#### [YOUR ASSIGNMENT]
The records that follow are to be reproduced exactly. Any pictures in them are left out.

#### [RECORDS]

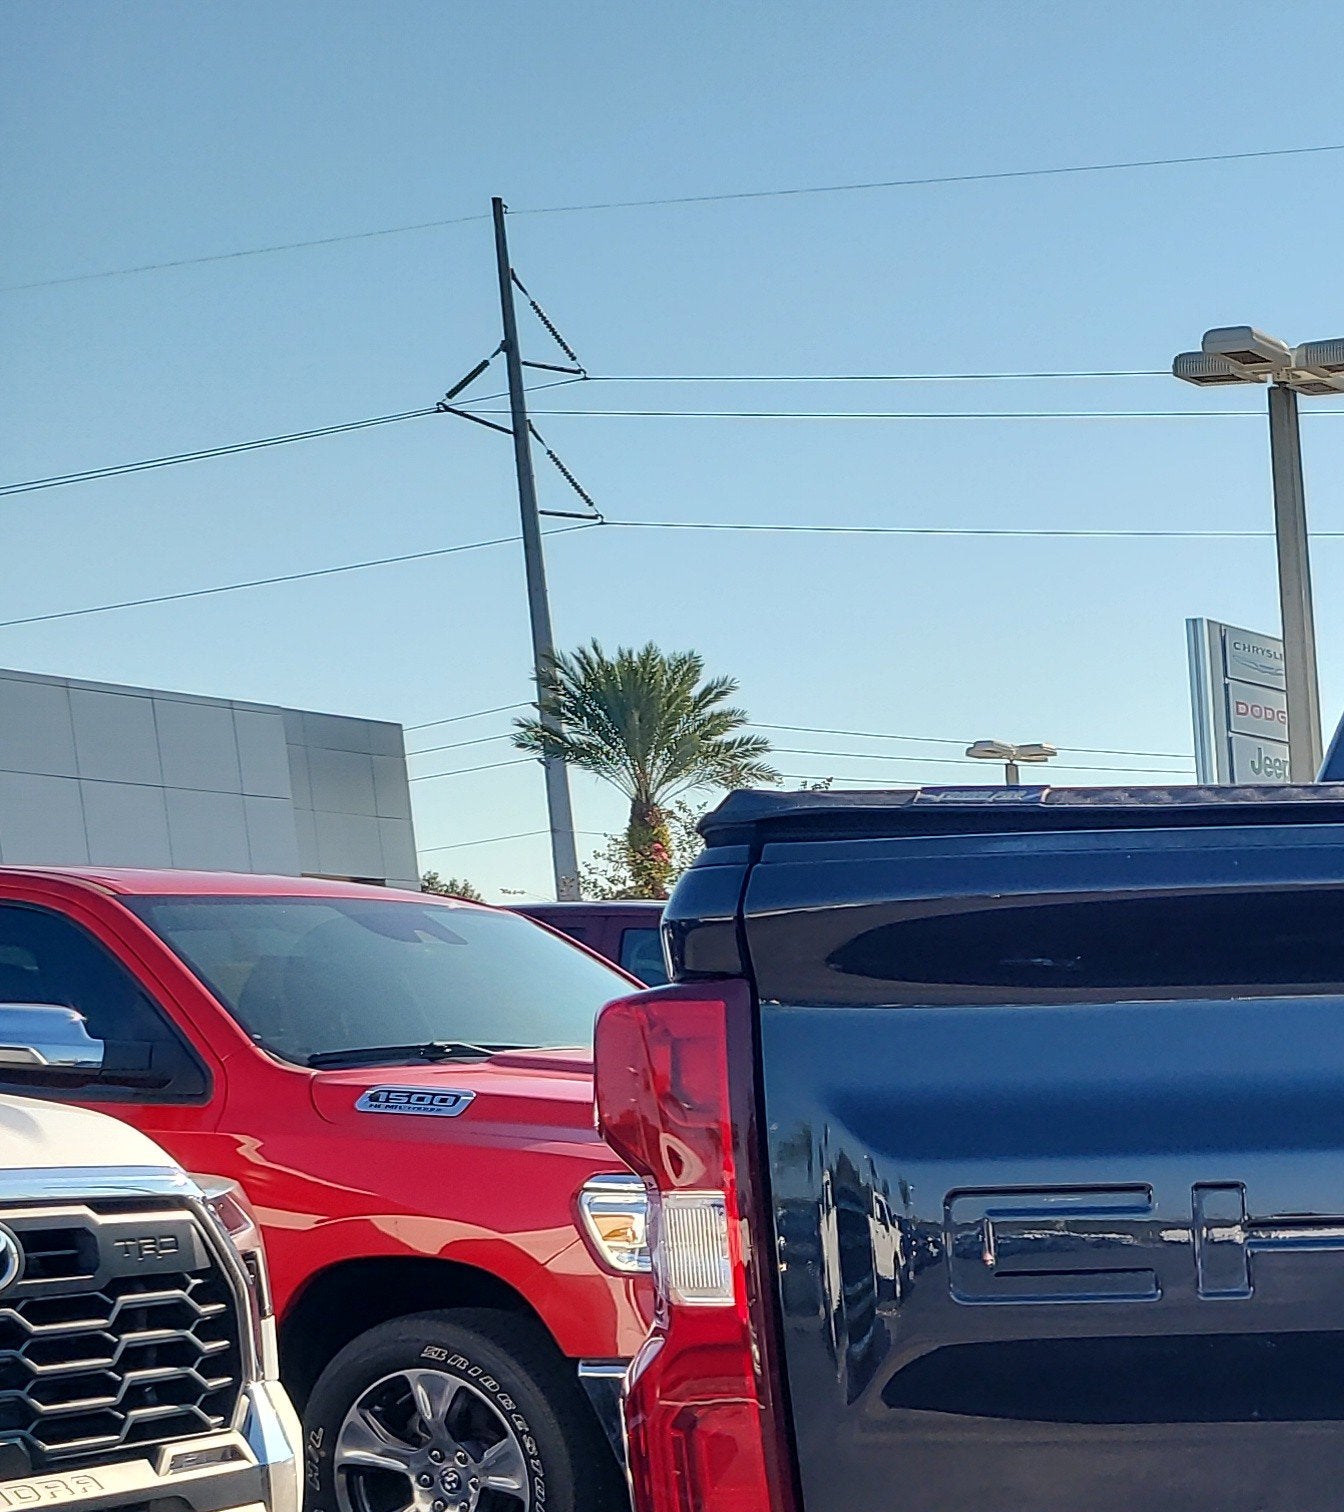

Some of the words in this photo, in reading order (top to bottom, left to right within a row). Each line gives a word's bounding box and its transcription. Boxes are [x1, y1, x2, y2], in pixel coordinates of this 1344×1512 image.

[1233, 641, 1284, 661] CHRYSL
[1235, 700, 1288, 725] DODG
[377, 1090, 457, 1106] 1500
[113, 1233, 179, 1262] TRD
[0, 1474, 105, 1506] DRA

#### [SOLUTION TO THIS TASK]
Some of the words in this photo, in reading order (top to bottom, left to right within a row). Each line gives a word's bounding box and its transcription. Boxes are [x1, y1, x2, y2], in pixel coordinates of this 1344×1512 image.

[1233, 641, 1284, 661] CHRYSL
[1235, 700, 1288, 725] DODG
[377, 1090, 457, 1106] 1500
[113, 1233, 179, 1262] TRD
[0, 1474, 105, 1506] DRA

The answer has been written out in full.